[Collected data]
—————

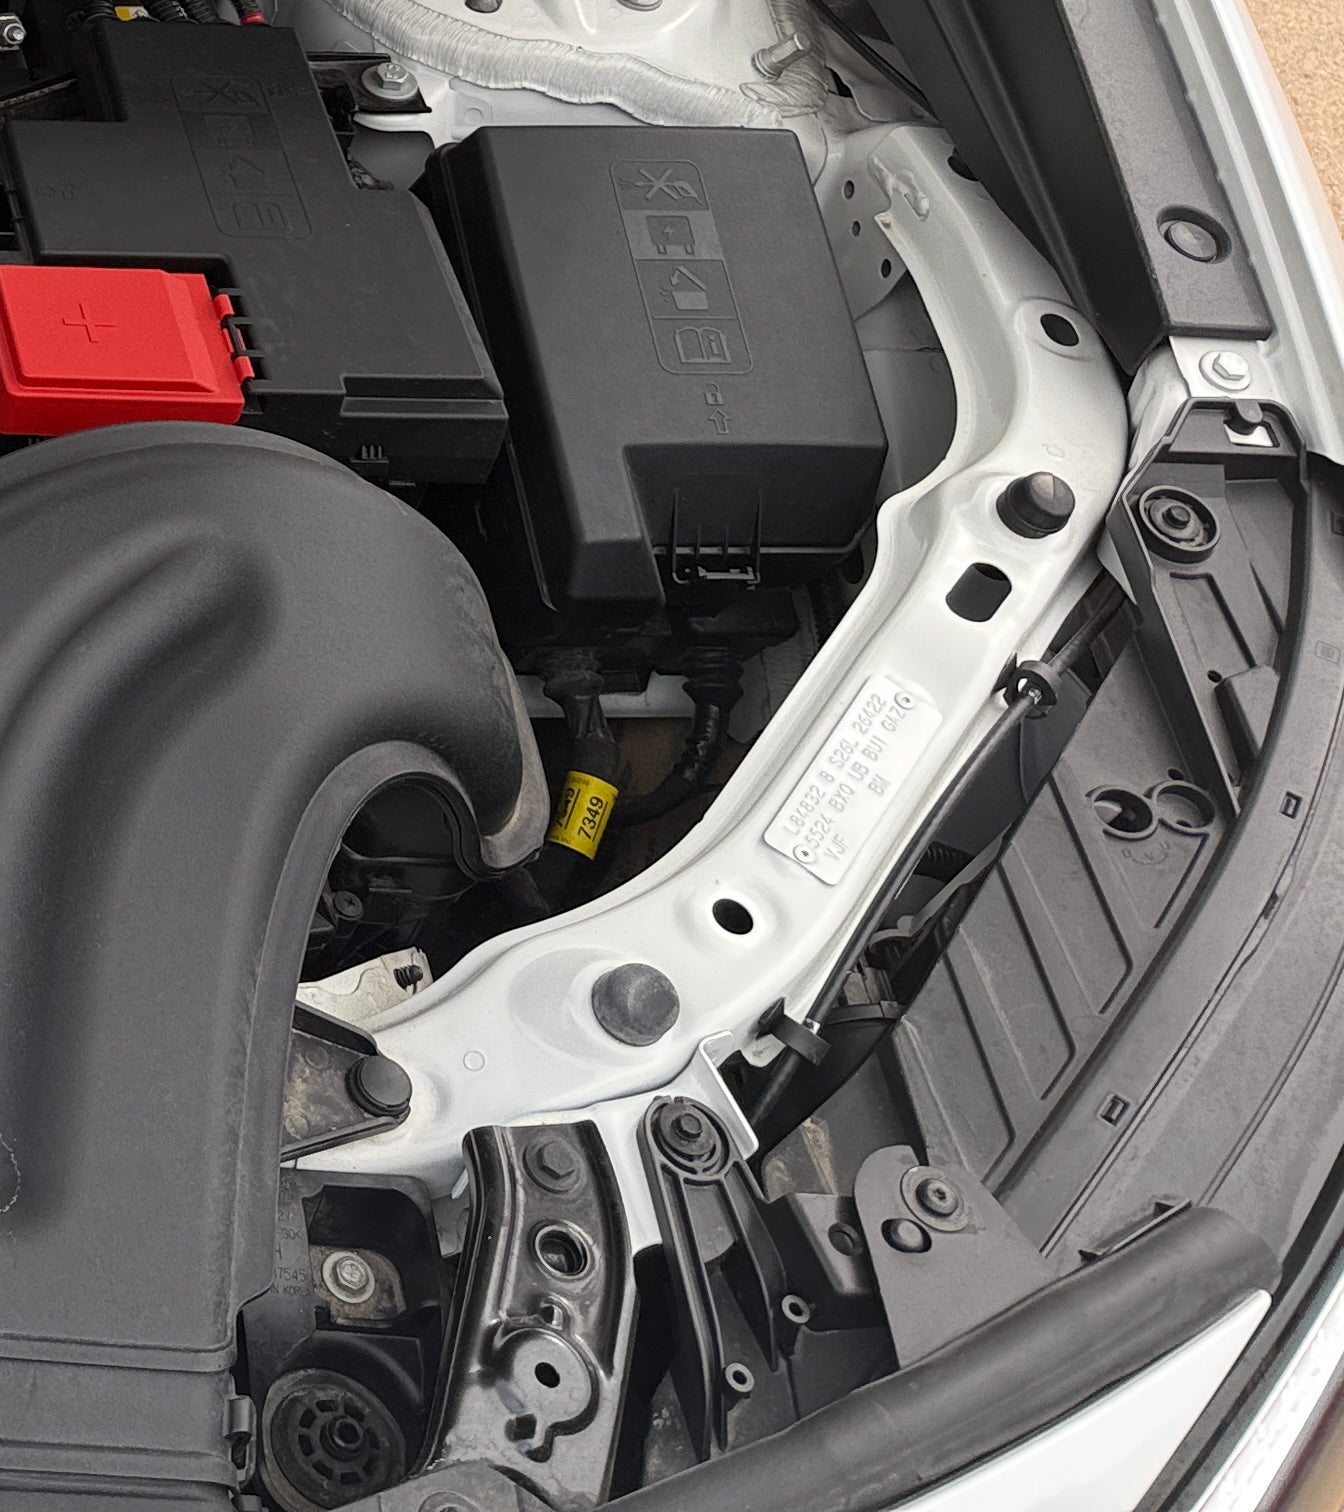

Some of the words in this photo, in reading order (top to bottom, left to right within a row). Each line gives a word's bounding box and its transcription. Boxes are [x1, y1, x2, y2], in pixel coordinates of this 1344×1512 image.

[577, 795, 604, 840] 7349
[784, 784, 826, 836] L84832
[819, 769, 835, 783] 8
[805, 813, 833, 850] 5524
[823, 835, 848, 862] VJF

—————

▸ **WHAT TO DO**:
Repeat the records above verbatim. Include none of the pictures.

▸ **TASK ANSWER**:
Some of the words in this photo, in reading order (top to bottom, left to right within a row). Each line gives a word's bounding box and its transcription. Boxes are [x1, y1, x2, y2], in pixel coordinates of this 1344×1512 image.

[577, 795, 604, 840] 7349
[784, 784, 826, 836] L84832
[819, 769, 835, 783] 8
[805, 813, 833, 850] 5524
[823, 835, 848, 862] VJF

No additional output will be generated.